Exercise details = Every record should be written out exactly, please.

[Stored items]
※

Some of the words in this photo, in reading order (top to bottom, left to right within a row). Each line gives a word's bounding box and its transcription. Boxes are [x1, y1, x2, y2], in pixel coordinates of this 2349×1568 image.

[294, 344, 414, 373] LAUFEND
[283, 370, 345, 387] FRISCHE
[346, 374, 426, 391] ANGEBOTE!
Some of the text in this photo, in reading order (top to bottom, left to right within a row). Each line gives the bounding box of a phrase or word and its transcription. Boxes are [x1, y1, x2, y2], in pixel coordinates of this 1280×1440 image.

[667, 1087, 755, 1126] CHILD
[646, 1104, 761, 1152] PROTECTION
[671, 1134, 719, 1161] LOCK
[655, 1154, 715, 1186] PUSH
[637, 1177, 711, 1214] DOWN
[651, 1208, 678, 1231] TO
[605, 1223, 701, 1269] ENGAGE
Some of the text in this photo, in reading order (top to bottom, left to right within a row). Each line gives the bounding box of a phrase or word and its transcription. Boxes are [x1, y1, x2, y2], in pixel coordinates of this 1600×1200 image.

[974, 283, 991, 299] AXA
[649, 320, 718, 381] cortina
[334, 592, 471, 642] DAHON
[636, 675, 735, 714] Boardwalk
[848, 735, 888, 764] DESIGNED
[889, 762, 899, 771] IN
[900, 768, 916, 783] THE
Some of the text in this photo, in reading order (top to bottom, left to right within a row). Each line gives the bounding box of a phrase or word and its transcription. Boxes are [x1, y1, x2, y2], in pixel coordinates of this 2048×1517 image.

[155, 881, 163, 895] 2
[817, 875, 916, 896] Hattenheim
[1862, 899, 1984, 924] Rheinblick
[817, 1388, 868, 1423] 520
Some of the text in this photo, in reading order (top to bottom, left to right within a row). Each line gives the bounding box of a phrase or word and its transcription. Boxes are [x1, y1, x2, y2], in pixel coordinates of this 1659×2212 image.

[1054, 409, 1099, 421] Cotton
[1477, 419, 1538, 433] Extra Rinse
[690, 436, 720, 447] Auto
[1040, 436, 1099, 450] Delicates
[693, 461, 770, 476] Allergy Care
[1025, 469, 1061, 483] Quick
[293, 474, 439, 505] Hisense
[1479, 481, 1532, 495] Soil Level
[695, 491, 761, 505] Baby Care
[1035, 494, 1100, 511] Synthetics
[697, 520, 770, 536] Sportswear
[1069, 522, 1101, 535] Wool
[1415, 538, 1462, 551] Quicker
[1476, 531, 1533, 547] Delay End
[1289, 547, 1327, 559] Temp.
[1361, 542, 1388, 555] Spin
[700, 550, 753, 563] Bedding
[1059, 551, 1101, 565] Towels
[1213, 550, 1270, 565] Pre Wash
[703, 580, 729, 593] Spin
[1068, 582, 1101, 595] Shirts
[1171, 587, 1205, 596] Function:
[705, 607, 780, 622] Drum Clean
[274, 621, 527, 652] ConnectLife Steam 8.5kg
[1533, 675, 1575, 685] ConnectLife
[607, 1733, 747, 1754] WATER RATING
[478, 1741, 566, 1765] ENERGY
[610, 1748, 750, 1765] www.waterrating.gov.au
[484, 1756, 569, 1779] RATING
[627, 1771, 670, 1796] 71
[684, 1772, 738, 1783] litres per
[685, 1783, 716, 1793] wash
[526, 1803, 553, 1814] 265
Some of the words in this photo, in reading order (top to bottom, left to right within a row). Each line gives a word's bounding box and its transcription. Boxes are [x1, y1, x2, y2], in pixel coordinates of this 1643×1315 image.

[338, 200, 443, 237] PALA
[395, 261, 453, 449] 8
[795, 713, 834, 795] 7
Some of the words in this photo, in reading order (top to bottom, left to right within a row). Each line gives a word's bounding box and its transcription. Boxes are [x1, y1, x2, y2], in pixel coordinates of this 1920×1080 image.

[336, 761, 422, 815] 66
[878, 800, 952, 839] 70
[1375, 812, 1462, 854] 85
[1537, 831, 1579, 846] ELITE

※

Answer area =
Some of the words in this photo, in reading order (top to bottom, left to right within a row). Each line gives a word's bounding box and its transcription. Boxes are [x1, y1, x2, y2], in pixel coordinates of this 2349×1568 image.

[294, 344, 414, 373] LAUFEND
[283, 370, 345, 387] FRISCHE
[346, 374, 426, 391] ANGEBOTE!
Some of the text in this photo, in reading order (top to bottom, left to right within a row). Each line gives the bounding box of a phrase or word and its transcription. Boxes are [x1, y1, x2, y2], in pixel coordinates of this 1280×1440 image.

[667, 1087, 755, 1126] CHILD
[646, 1104, 761, 1152] PROTECTION
[671, 1134, 719, 1161] LOCK
[655, 1154, 715, 1186] PUSH
[637, 1177, 711, 1214] DOWN
[651, 1208, 678, 1231] TO
[605, 1223, 701, 1269] ENGAGE
Some of the text in this photo, in reading order (top to bottom, left to right within a row). Each line gives the bounding box of a phrase or word and its transcription. Boxes are [x1, y1, x2, y2], in pixel coordinates of this 1600×1200 image.

[974, 283, 991, 299] AXA
[649, 320, 718, 381] cortina
[334, 592, 471, 642] DAHON
[636, 675, 735, 714] Boardwalk
[848, 735, 888, 764] DESIGNED
[889, 762, 899, 771] IN
[900, 768, 916, 783] THE
Some of the text in this photo, in reading order (top to bottom, left to right within a row). Each line gives the bounding box of a phrase or word and its transcription. Boxes are [x1, y1, x2, y2], in pixel coordinates of this 2048×1517 image.

[155, 881, 163, 895] 2
[817, 875, 916, 896] Hattenheim
[1862, 899, 1984, 924] Rheinblick
[817, 1388, 868, 1423] 520
Some of the text in this photo, in reading order (top to bottom, left to right within a row). Each line gives the bounding box of a phrase or word and its transcription. Boxes are [x1, y1, x2, y2], in pixel coordinates of this 1659×2212 image.

[1054, 409, 1099, 421] Cotton
[1477, 419, 1538, 433] Extra Rinse
[690, 436, 720, 447] Auto
[1040, 436, 1099, 450] Delicates
[693, 461, 770, 476] Allergy Care
[1025, 469, 1061, 483] Quick
[293, 474, 439, 505] Hisense
[1479, 481, 1532, 495] Soil Level
[695, 491, 761, 505] Baby Care
[1035, 494, 1100, 511] Synthetics
[697, 520, 770, 536] Sportswear
[1069, 522, 1101, 535] Wool
[1415, 538, 1462, 551] Quicker
[1476, 531, 1533, 547] Delay End
[1289, 547, 1327, 559] Temp.
[1361, 542, 1388, 555] Spin
[700, 550, 753, 563] Bedding
[1059, 551, 1101, 565] Towels
[1213, 550, 1270, 565] Pre Wash
[703, 580, 729, 593] Spin
[1068, 582, 1101, 595] Shirts
[1171, 587, 1205, 596] Function:
[705, 607, 780, 622] Drum Clean
[274, 621, 527, 652] ConnectLife Steam 8.5kg
[1533, 675, 1575, 685] ConnectLife
[607, 1733, 747, 1754] WATER RATING
[478, 1741, 566, 1765] ENERGY
[610, 1748, 750, 1765] www.waterrating.gov.au
[484, 1756, 569, 1779] RATING
[627, 1771, 670, 1796] 71
[684, 1772, 738, 1783] litres per
[685, 1783, 716, 1793] wash
[526, 1803, 553, 1814] 265
Some of the words in this photo, in reading order (top to bottom, left to right within a row). Each line gives a word's bounding box and its transcription. Boxes are [x1, y1, x2, y2], in pixel coordinates of this 1643×1315 image.

[338, 200, 443, 237] PALA
[395, 261, 453, 449] 8
[795, 713, 834, 795] 7
Some of the words in this photo, in reading order (top to bottom, left to right within a row). Each line gives a word's bounding box and its transcription. Boxes are [x1, y1, x2, y2], in pixel coordinates of this 1920×1080 image.

[336, 761, 422, 815] 66
[878, 800, 952, 839] 70
[1375, 812, 1462, 854] 85
[1537, 831, 1579, 846] ELITE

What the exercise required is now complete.